2. Whenever possible, convert what you are learning in math to real-life concrete experiences. If applicable, use measuring cups, measuring vials,
    toothpicks, seeds, stones, marbles, paper clips, rulers, sticks.

3. If someone shows you how to do a problem, immediately ask if you could work out a similar one to see if you understand how to do it.

4. While studying, try to solve problems several different ways in order to decide which method feels right to you.

5. Many kinesthetic/tactile learners find that they must move during the learning process. You may want to walk to and fro while
    reading your assignment or even while working out problems. Some students like to rock back and forth.
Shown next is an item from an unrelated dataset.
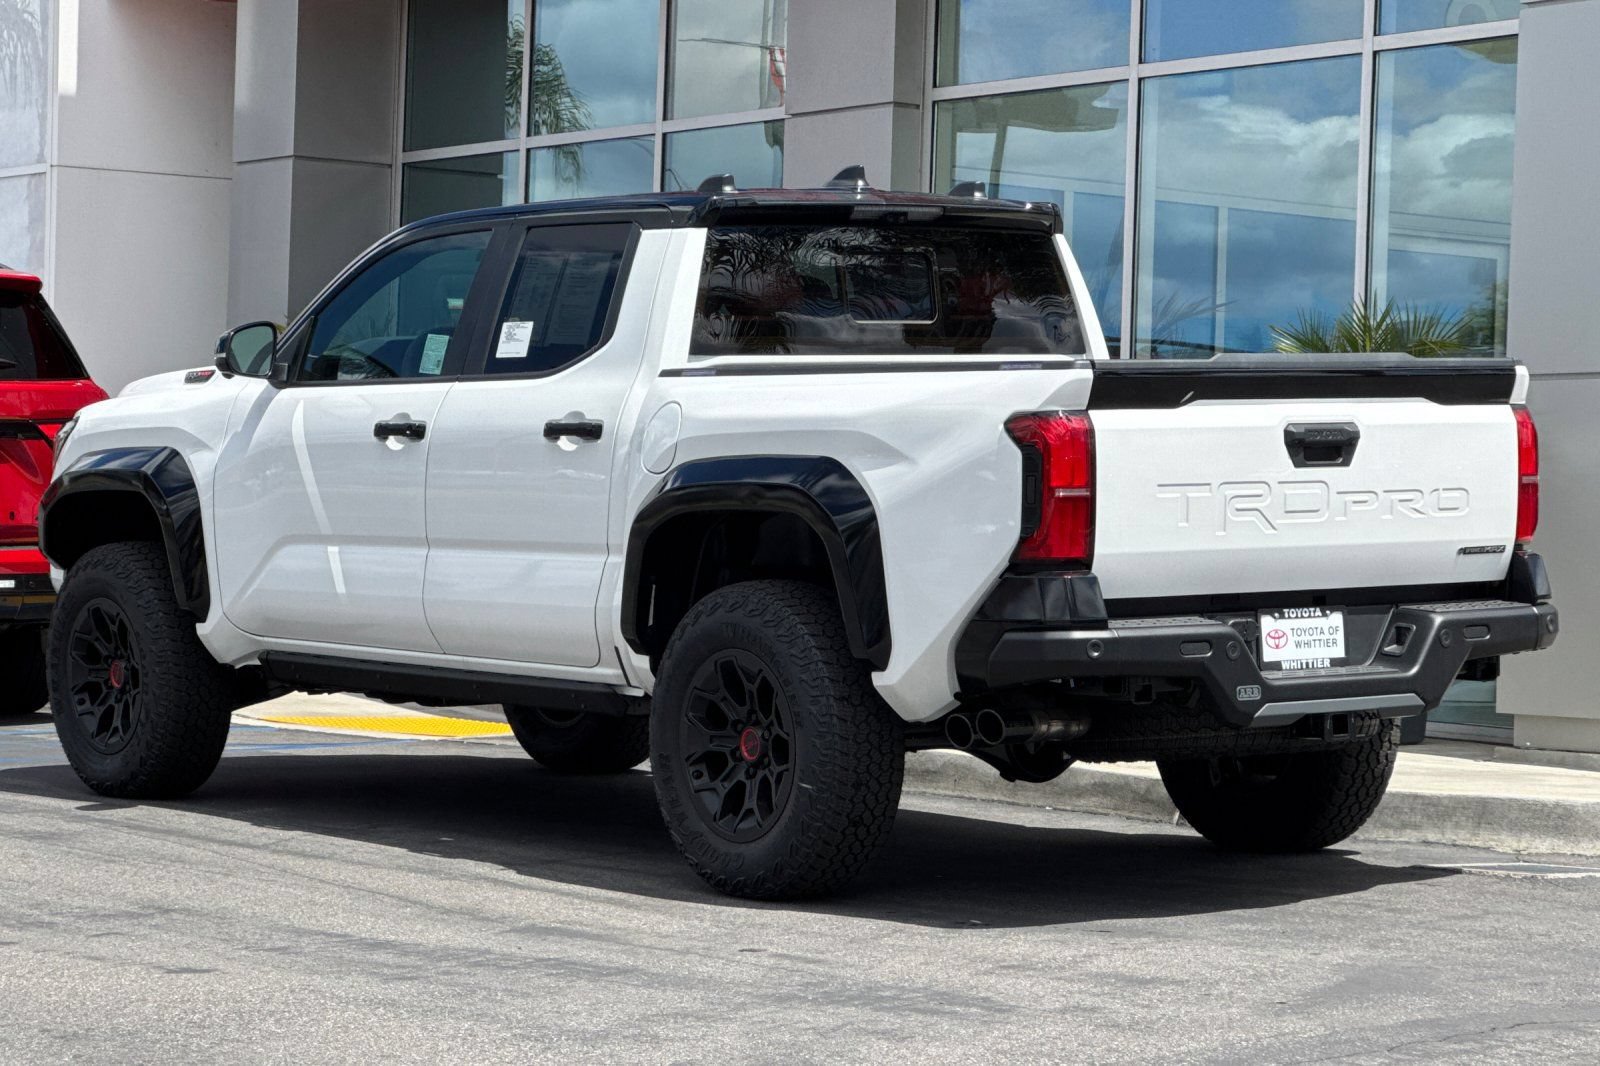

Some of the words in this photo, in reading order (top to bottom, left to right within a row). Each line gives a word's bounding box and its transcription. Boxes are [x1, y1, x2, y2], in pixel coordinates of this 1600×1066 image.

Others need to shift positions frequently. 
    The movement seems to increase understanding and comprehension for some highly kinesthetic people.
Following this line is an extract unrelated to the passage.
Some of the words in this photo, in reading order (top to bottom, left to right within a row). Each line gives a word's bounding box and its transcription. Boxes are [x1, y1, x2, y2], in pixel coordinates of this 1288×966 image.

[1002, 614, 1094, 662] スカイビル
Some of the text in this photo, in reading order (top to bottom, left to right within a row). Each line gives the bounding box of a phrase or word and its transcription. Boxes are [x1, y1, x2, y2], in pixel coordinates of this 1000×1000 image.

6. Use computers and workbooks.

7. While you exercise or engage in other types of physical activities, review your math concepts in your mind.

8. Use your fingers and even your toes if this helps when you figure out math problems. 

9. Rewrite class notes.

10. Use a calculator to solve problems.

11. If possible, use or build models to help you understand math concepts you learn.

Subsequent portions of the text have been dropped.